O teste de significância que todo mundo confunde com coisa complicada
Vou ser direto: eu descobri o teste de scott quando tava tentado validar se um novo layout de checkout realmente melhorava conversão, ou se só era ruído estatístico. A primeira coisa que eu fiz foi aplicar o qui-quadrado de Pearson do jeito que todo mundo ensina no curso online. Deram dois pontos no grupo controle e sete no experimental. Parecia pouco, mas eu queria saber se era significativo antes de jogar a proposta pra diretoria.
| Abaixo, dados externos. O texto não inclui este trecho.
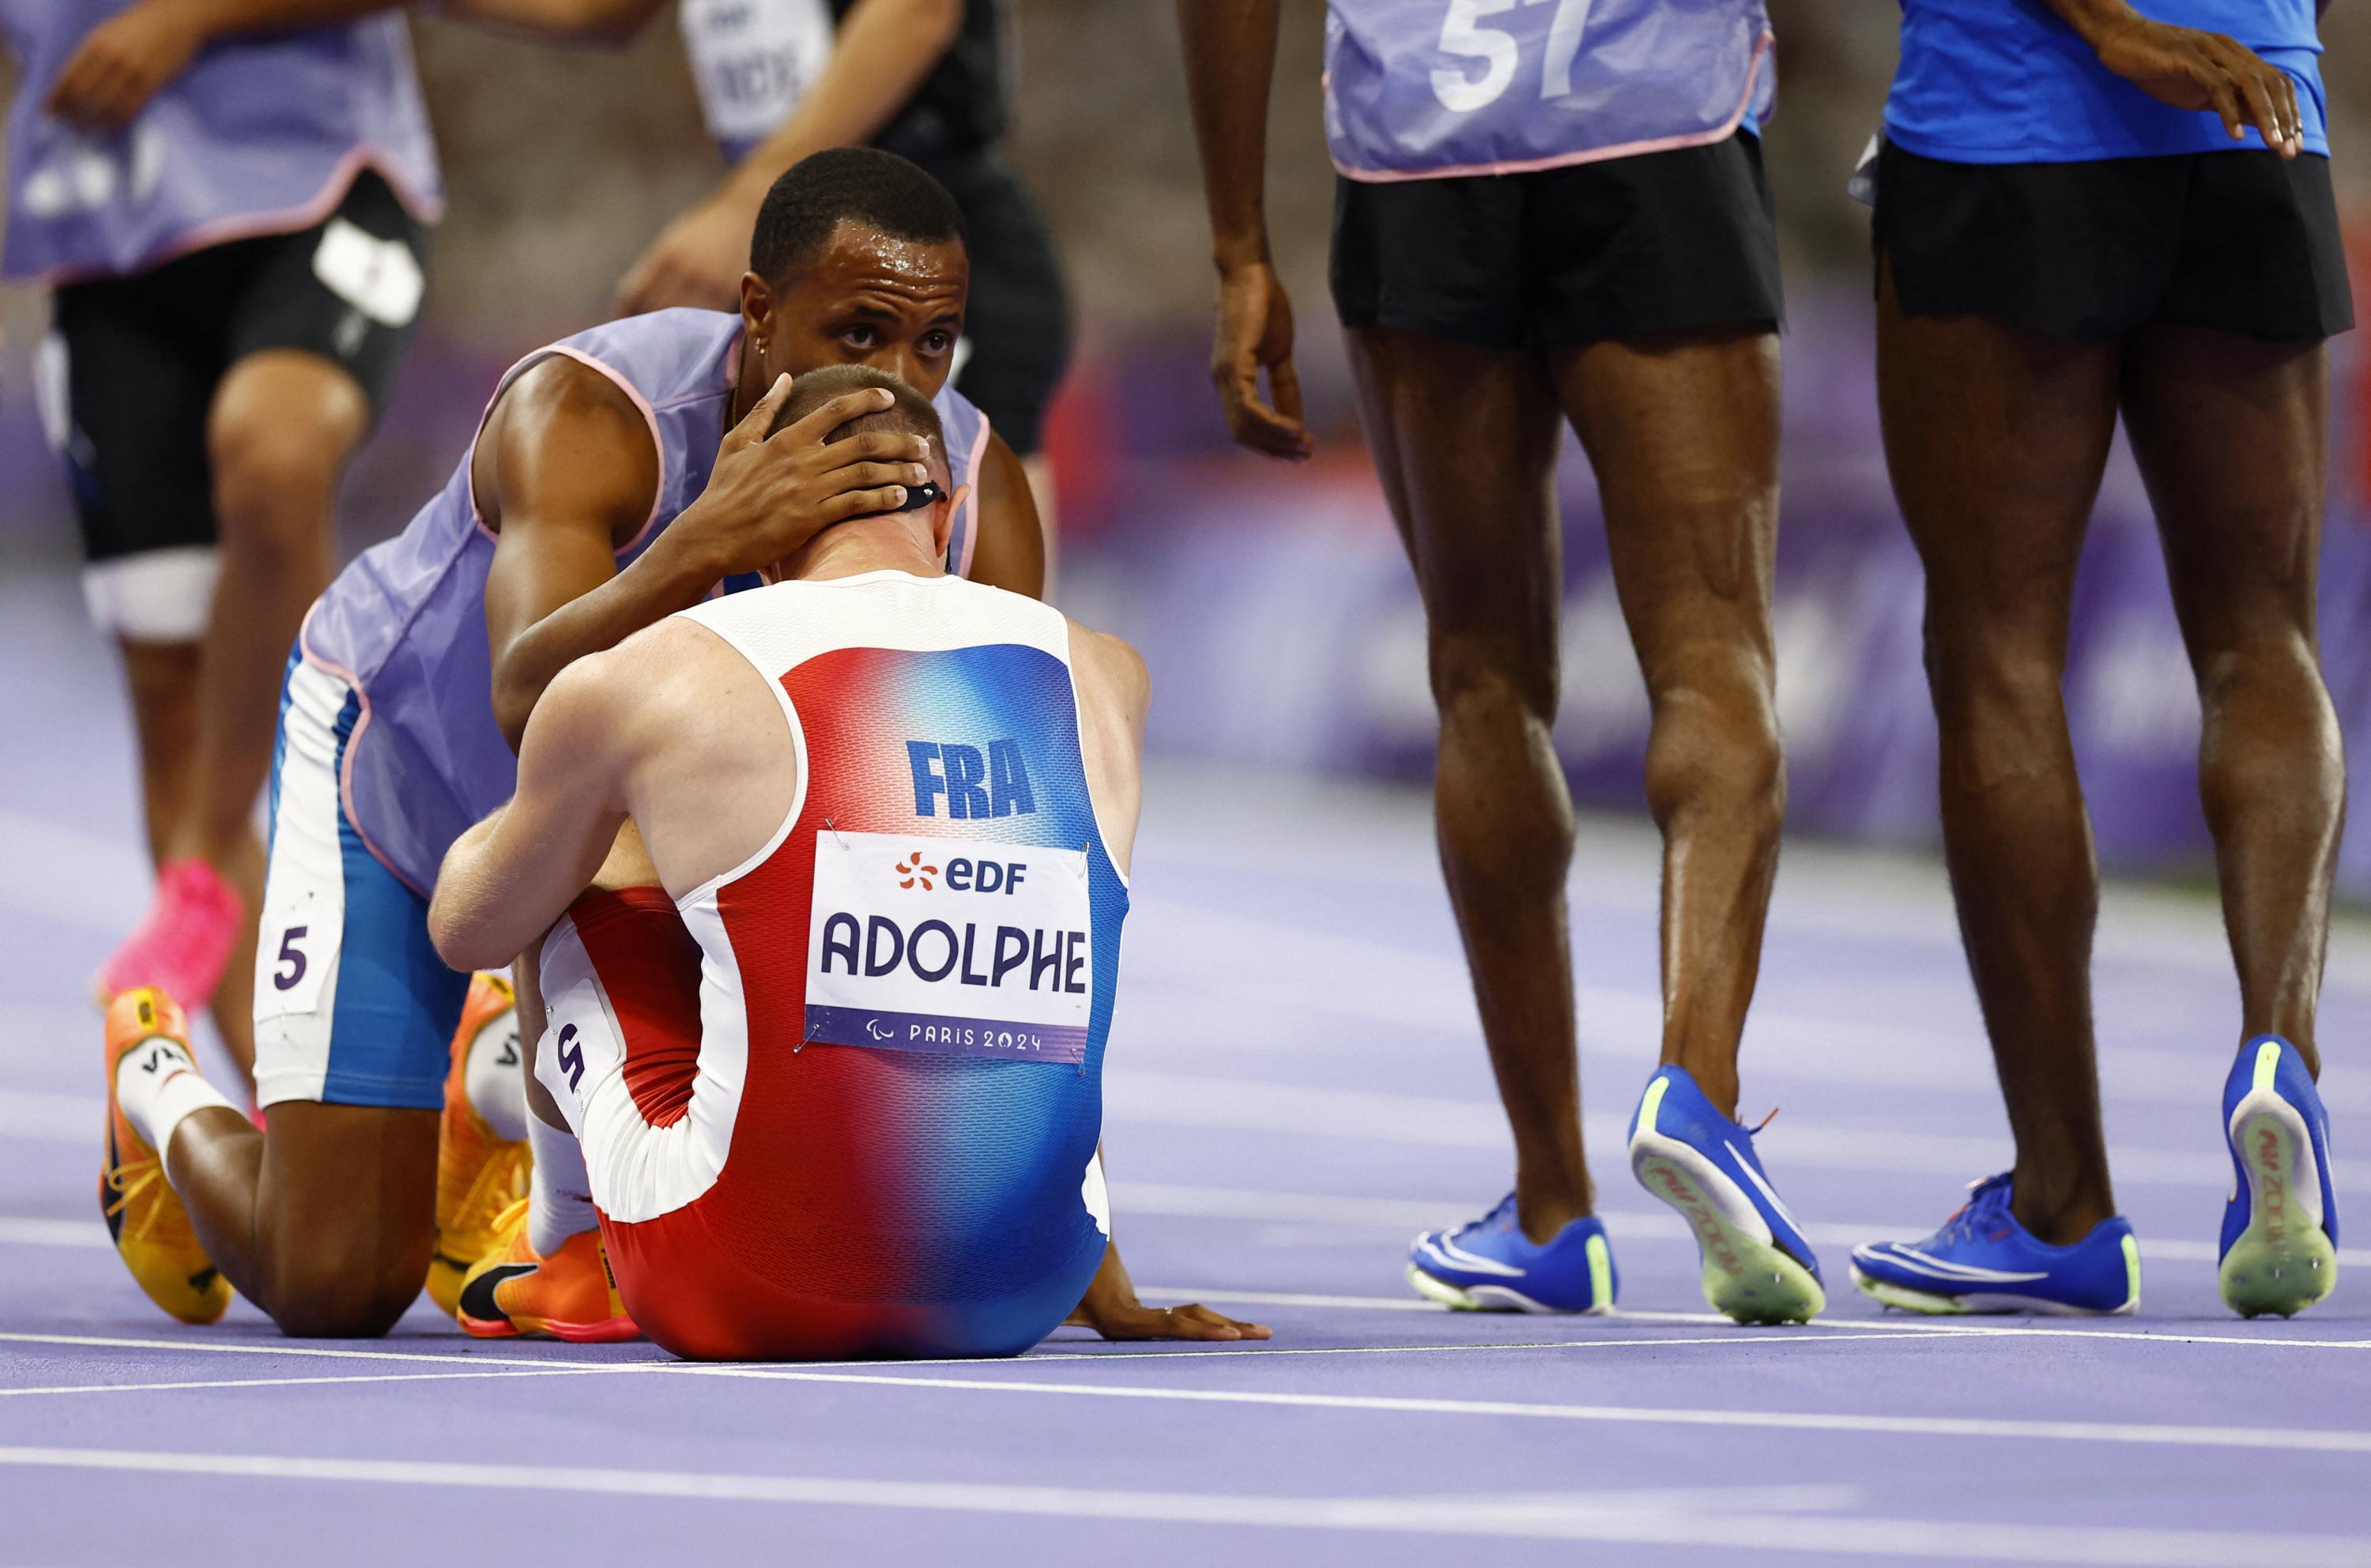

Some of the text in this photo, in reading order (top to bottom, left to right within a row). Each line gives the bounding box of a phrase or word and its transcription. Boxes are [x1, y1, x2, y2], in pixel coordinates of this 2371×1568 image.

[1430, 0, 1592, 112] 57
[906, 738, 1036, 820] FRA
[274, 925, 308, 990] 5
[820, 911, 1086, 994] ADOLPHE
[557, 1023, 586, 1095] 5
[983, 1031, 1042, 1051] 2024
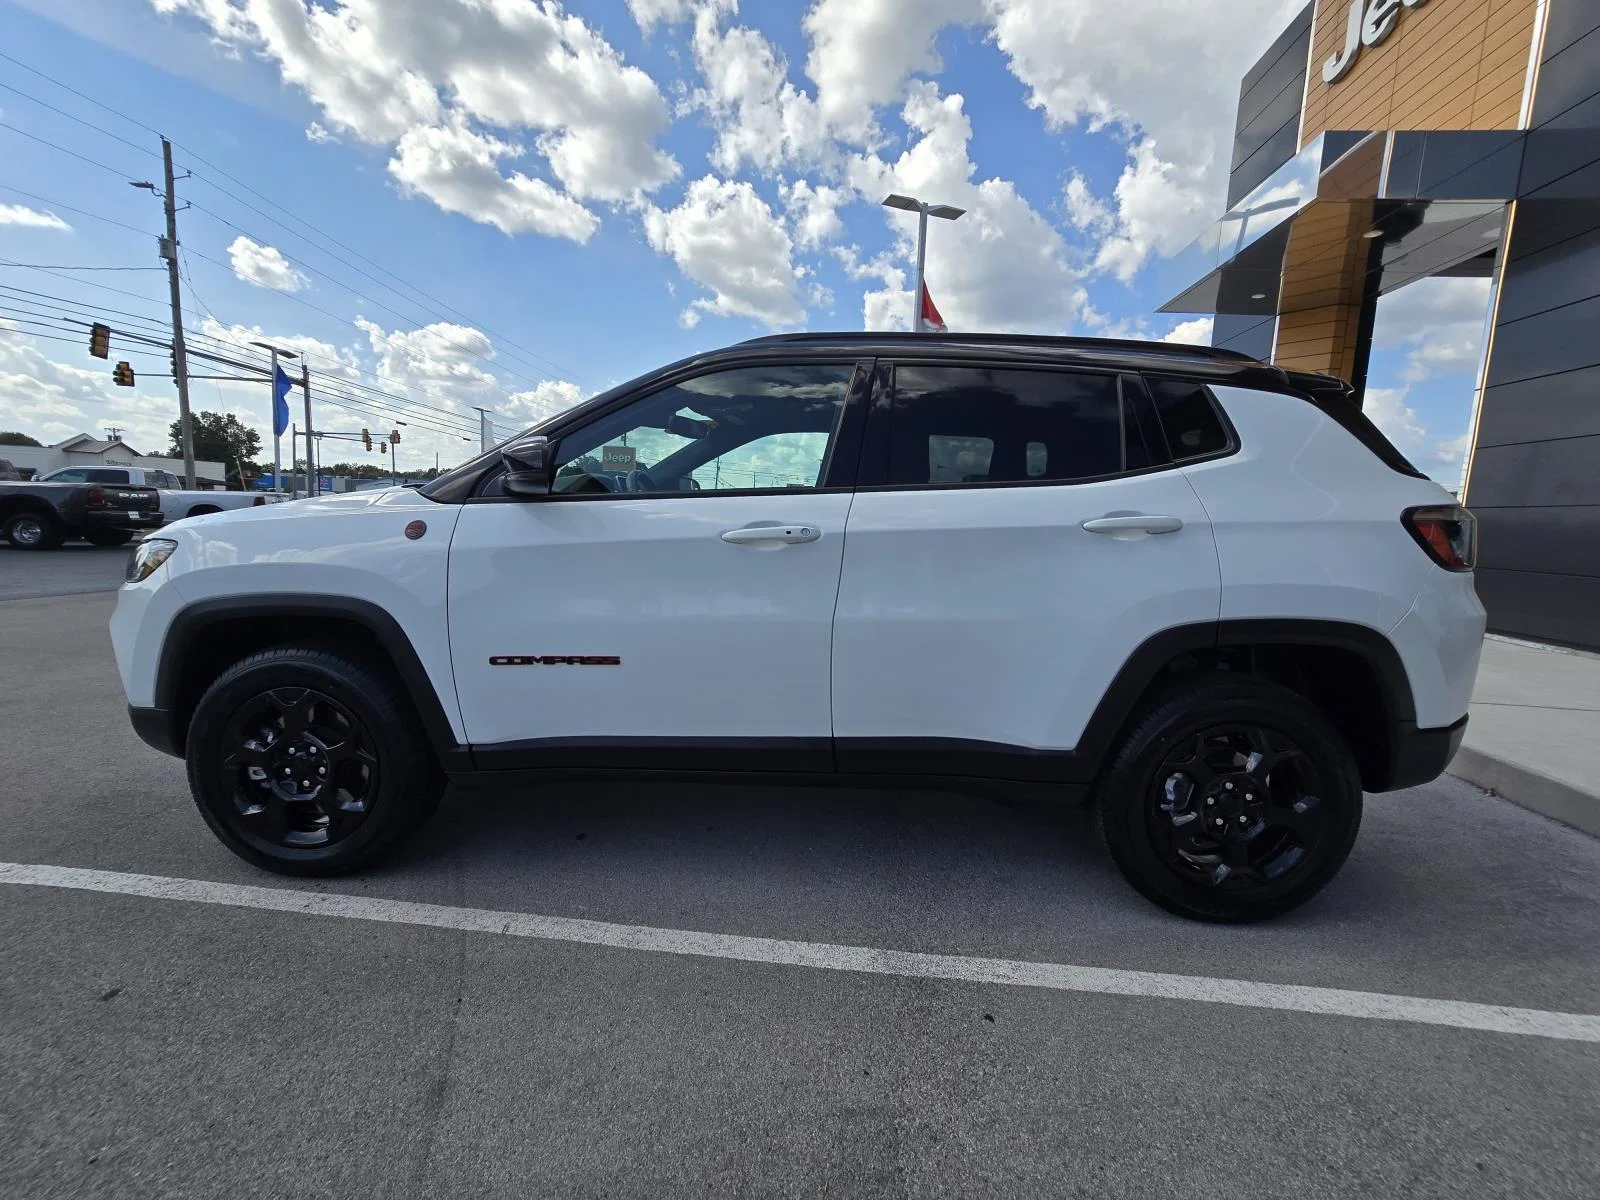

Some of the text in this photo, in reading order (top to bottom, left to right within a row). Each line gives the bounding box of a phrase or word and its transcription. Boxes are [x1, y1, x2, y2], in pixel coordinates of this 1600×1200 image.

[1322, 0, 1426, 84] Je
[604, 452, 631, 463] Jeep
[489, 655, 621, 666] COMPASS
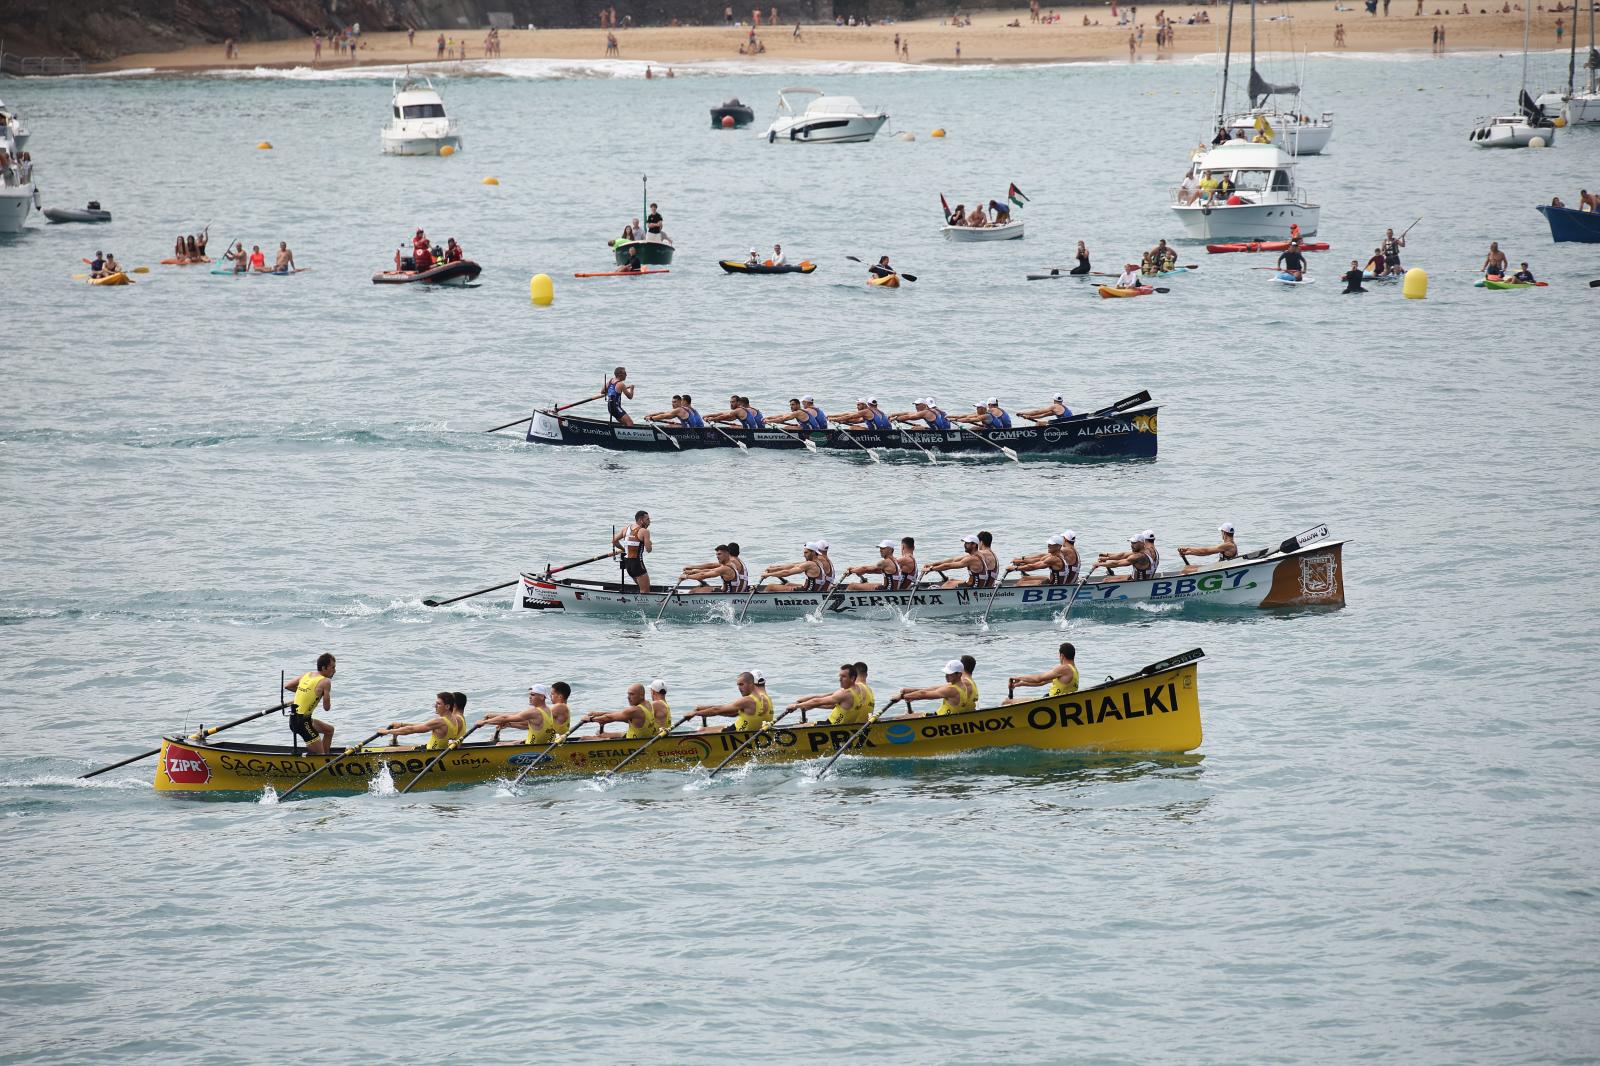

Aí eu lembrei que o teste de scott foi proposto justamente pra corrigir uma limitação do método clássico quando os tamanhos de tabela são pequenos ou desbalanceados, então parti pra ele. O problema principal é que a aproximação qui-quadrado não funciona bem quando a frequência esperada em alguma célula fica abaixo de 5. É um limite prático, não teoricamente rígido, mas na vida real isso acontece o tempo todo. Tabelas 2x3 com dados de tráfego, por exemplo, frequentemente têm células com menos de cinco observações. O teste de scott ajusta esse cenário aplicando uma correção que reduz o viés da distribuição assintótica, e o resultado costuma ser ligeiramente mais conservador — ou seja, menos tendência a declarar significância quando não deveria.
como fazer o teste de scott na prática
Primeiro você monta a tabela de contingência. Linhas são as categorias da variável independente, colunas são os resultados. Cada célula recebe a frequência observada. Depois você calcula as frequências esperadas sob a hipótese nula, que basicamente diz que não há associação entre as variáveis. A fórmula é simples: linha total vezes coluna total dividido pelo total geral. A correção do teste de scott entra no momento do cálculo do estatístico. Em vez de usar a fórmula padrão (O - E)² / E para cada célula e somar, a variante dele aplica um fator de ajuste que depende do tamanho da amostra e das dimensões da tabela. O resultado final é comparado à distribuição qui-quadrado com os graus de liberdade adequados, que em uma tabela 2x2 são sempre um. Se o valor-p for menor que seu nível de significância — normalmente 0,05 — você rejeita a hipótese nula.
No meu caso, a tabela era 2x2 com 1.200 visitantes divididos entre controle e tratamento. As frequências esperadas ficaram todas acima de cinco, exceto uma célula com 3,7. O qui-quadrado padrão deu p = 0,032. O teste de scott, com a correção, trouxe p = 0,058. A conclusão mudou de sim, é significativo pra não, não temos evidência suficiente. Eu preferi essa resposta honesta a anunciar uma vitória falsa.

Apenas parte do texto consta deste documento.